A manhã está fria, o sol acaba de nascer e parece espreguiçar-se pelo céu como
se também a ele lhe custasse enfrentar mais uma segunda-feira. Decido
apressar-me, antes que a coragem me abandone. E concentrado na imagem que
guardo do céu, imaginando o que poderei fazer debaixo daquele azul libertador,
regresso ao interior do quarto, regresso à realidade. Ela move, ameaça acordar;
e o pavor de ter de lhe falar invade-me, avassalador: seria incapaz de
pronunciar uma única palavra, não saberia o que dizer.
Quase
corro até à casa de banho, tranco a porta com estrondo. E apenas quando a água
quente do chuveiro me metralha, com violência e indiferença, sinto alguma
serenidade. Espreito um pedaço de céu pela pequena janela: mantém-se azul,
convidativo. Espera-me. Os pensamentos vêm e partem, atropelam-se. Excitam-me e
angustiam-me, passam por mim como se não me pertencessem.
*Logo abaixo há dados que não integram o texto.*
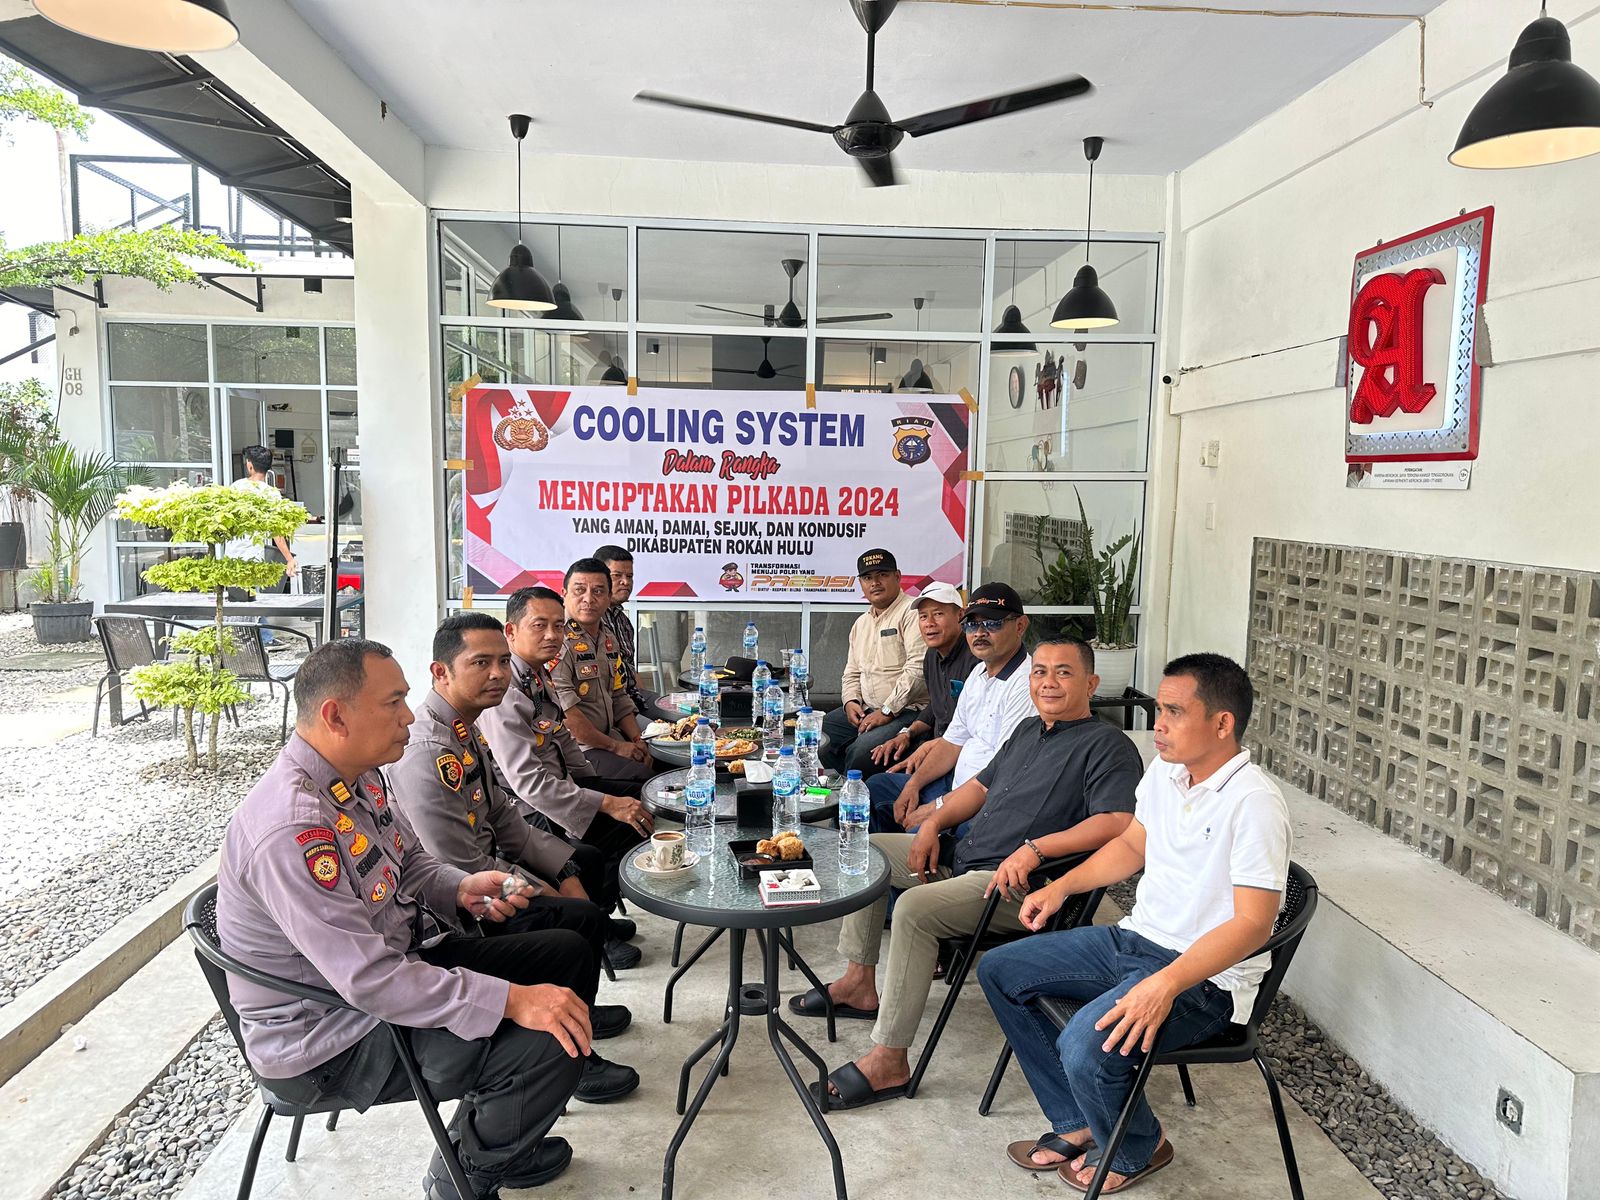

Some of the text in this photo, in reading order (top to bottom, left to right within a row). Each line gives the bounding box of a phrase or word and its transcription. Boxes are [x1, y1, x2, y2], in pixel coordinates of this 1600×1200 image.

[65, 368, 81, 380] GH
[65, 382, 82, 396] 08
[573, 405, 865, 447] COOLING SYSTEM
[662, 449, 781, 480] Dalam Rangka
[538, 480, 899, 517] MENCIPTAKAN PILKADA 2024
[572, 518, 867, 539] YANG AMAN, DAMAI, SEJUK, DAN KONDUSIF
[627, 538, 814, 556] DIKABUPATEN ROKAN HULU
[751, 575, 856, 587] PRESISI
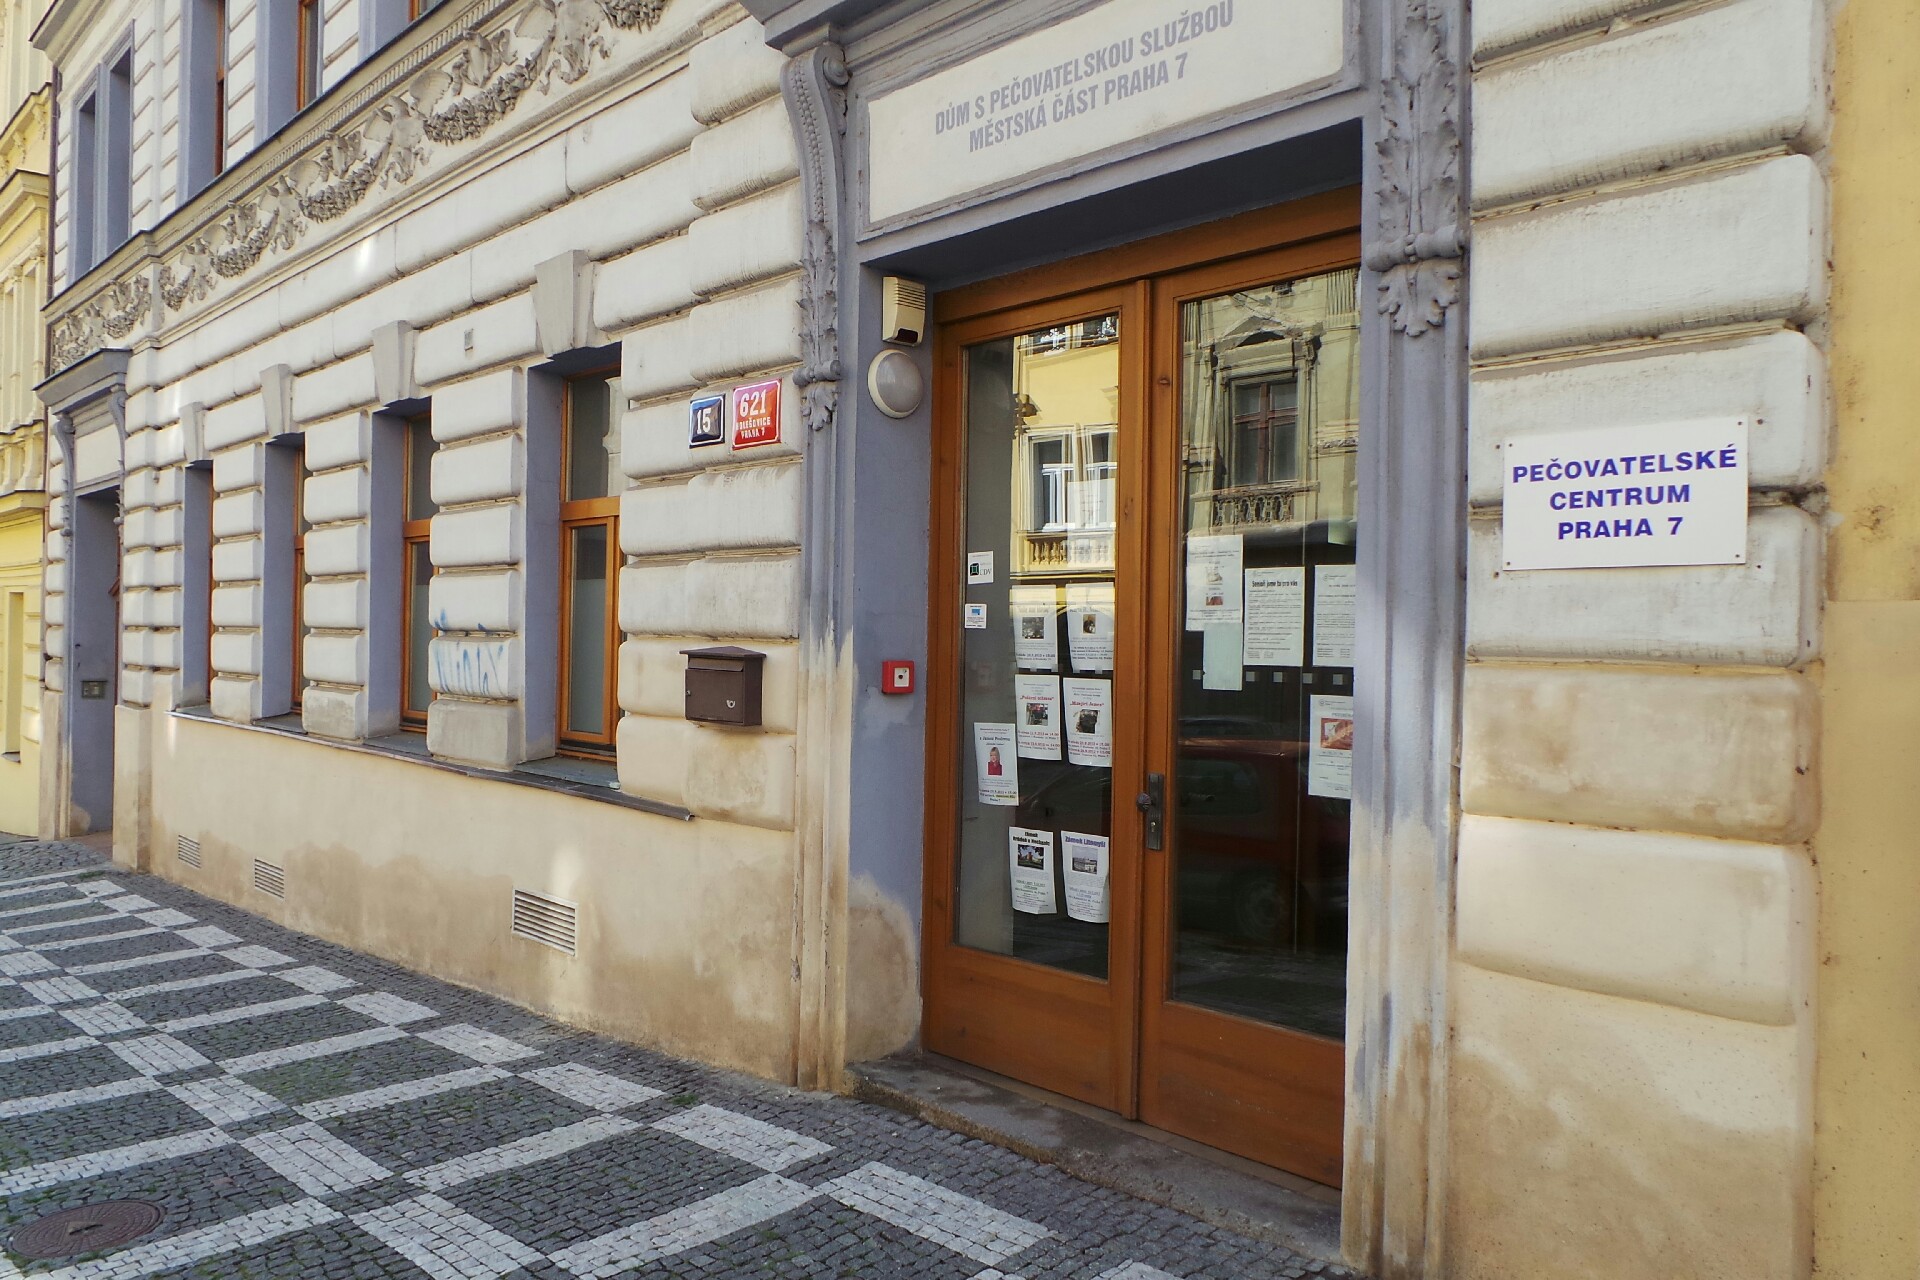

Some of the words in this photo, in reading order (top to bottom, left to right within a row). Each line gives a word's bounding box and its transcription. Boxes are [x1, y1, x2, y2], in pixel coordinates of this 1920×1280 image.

[935, 102, 970, 135] DŮM
[974, 96, 985, 119] S
[990, 37, 1134, 113] PEČOVATELSKOU
[1140, 0, 1234, 56] SLUŽBOU
[969, 100, 1047, 152] MĚSTSKÁ
[1052, 84, 1099, 123] ČÁST
[1104, 60, 1169, 105] PRAHA
[1175, 52, 1188, 80] 7
[740, 389, 766, 417] 621
[697, 407, 711, 434] 15
[741, 429, 760, 439] PRAHA
[761, 427, 766, 436] 7
[1513, 443, 1737, 483] PEČOVATELSKÉ
[1550, 484, 1690, 511] CENTRUM
[1558, 518, 1653, 540] PRAHA
[1667, 516, 1683, 536] 7
Como se fossem
segredos murmurados por um anjo da guarda. E deixo-me ir, indefeso, seduzido.
Visto-me,
apressado. Tento não olhar nada, porque sei: o último olhar dói. Não quero
despedidas, é mais fácil esquecer. E esta casa, esta vida, deve ser esquecida.
Ainda
dorme. Queria sair e desaparecer para sempre mas não tenho coragem; ainda. Seria mais fácil, menos
hipócrita: deixá-la a dormir e sair. Mas sou incapaz, por uma última vez tenho
de representar a comédia familiar, fingir que esta não é a última manhã que
passamos juntos. Talvez dar uma explicação.
Estou
sentado na cozinha e o tempo passa. Olho o copo de leite que está à minha
frente e pergunto-me quem o terá derramado no copo, não me lembro de o ter
feito. O silêncio quase tétrico do apartamento incomoda-me, não sei o que fazer
com as mãos. Não sei o que fazer com os pensamentos. Olho o copo de leite. E o
tempo vai passando, vazio e fútil.
Ouço-a
levantar-se. Pequeno arroto. Tosse. Ruído do isqueiro. Mais tosse. Sinto a
tensão percorrer-me o corpo, o medo espreitar. Apetece-me fugir, desejo
irracionalmente que venha um tremor de terra e me salve. Ouço passos e ei-la:
está nua e a beleza do seu corpo perturba-me. Segura o cigarro com uma mão,
ordena o cabelo selvagem com a outra. Passa por mim e, sem me olhar,
deposita-me um beijo seco e indiferente na testa. O seu gesto choca-me: não
indicia ternura nem sentimento nem amor. É apenas uma acção mecânica e
irreflectida, condicionada por dez anos de rotina. Indiferente, como alguém a
sacudir a cinza do cigarro num cinzeiro.
Sacode
a cinza do cigarro num cinzeiro e desaparece na casa de banho. Pego no copo de
leite e bebo um trago; amarga, apetece-me cuspi-lo.
Vagas
recordações do passado invadem-me a mente, perturbam-me as ténues e incipientes
fantasias de liberdade. Tento esquecer. Uma nuvem de nevoeiro chega da casa de
banho e confronta-me com a realidade: um corpo que toma banho e do qual preciso
despedir-me. Aguardo.
Quando
passa por mim, sem me olhar, tento dizer alguma coisa. Depois, sons
desordenados chegam do quarto; atrapalho-me com os pensamentos, não consigo
dominar a ansiedade. Levanto-me e procuro-a. Está a vestir as cuecas. Noutros tempos (noutra vida), teria simplesmente despido
as calças e faríamos sexo. Prazer. Passado.
Fico
a vê-la vestir-se, tentando encontrar palavras. Ignora-me. Passa por mim, sem
me tocar, e volta a fechar-se na casa de banho. E é quando ouço o baque da
porta que percebo (admito): não terei coragem. Não direi uma palavra. Serei,
uma vez mais, o cobarde que sempre fui. Direi até logo e fugirei para longe, na
direcção do céu. Admito-o.
E uma
sensação de alívio invade-me, lenta e libertadora.
Quando
ela sai da casa de banho, atravesso-me no seu caminho e dou-lhe um beijo na
testa. Digo até logo. Saio e fecho a porta. Tudo muito rápido, como se temesse
arrepender-me e voltar atrás. Mas não volto. Caminho pelo corredor, firme e
resoluto.
Pergunto-me:
e agora?
II
Pergunto-me: e agora?
Quando ouvia porta fechar, senti uma onda de alívio
invadir-me, lenta e libertadora. Mas, e agora?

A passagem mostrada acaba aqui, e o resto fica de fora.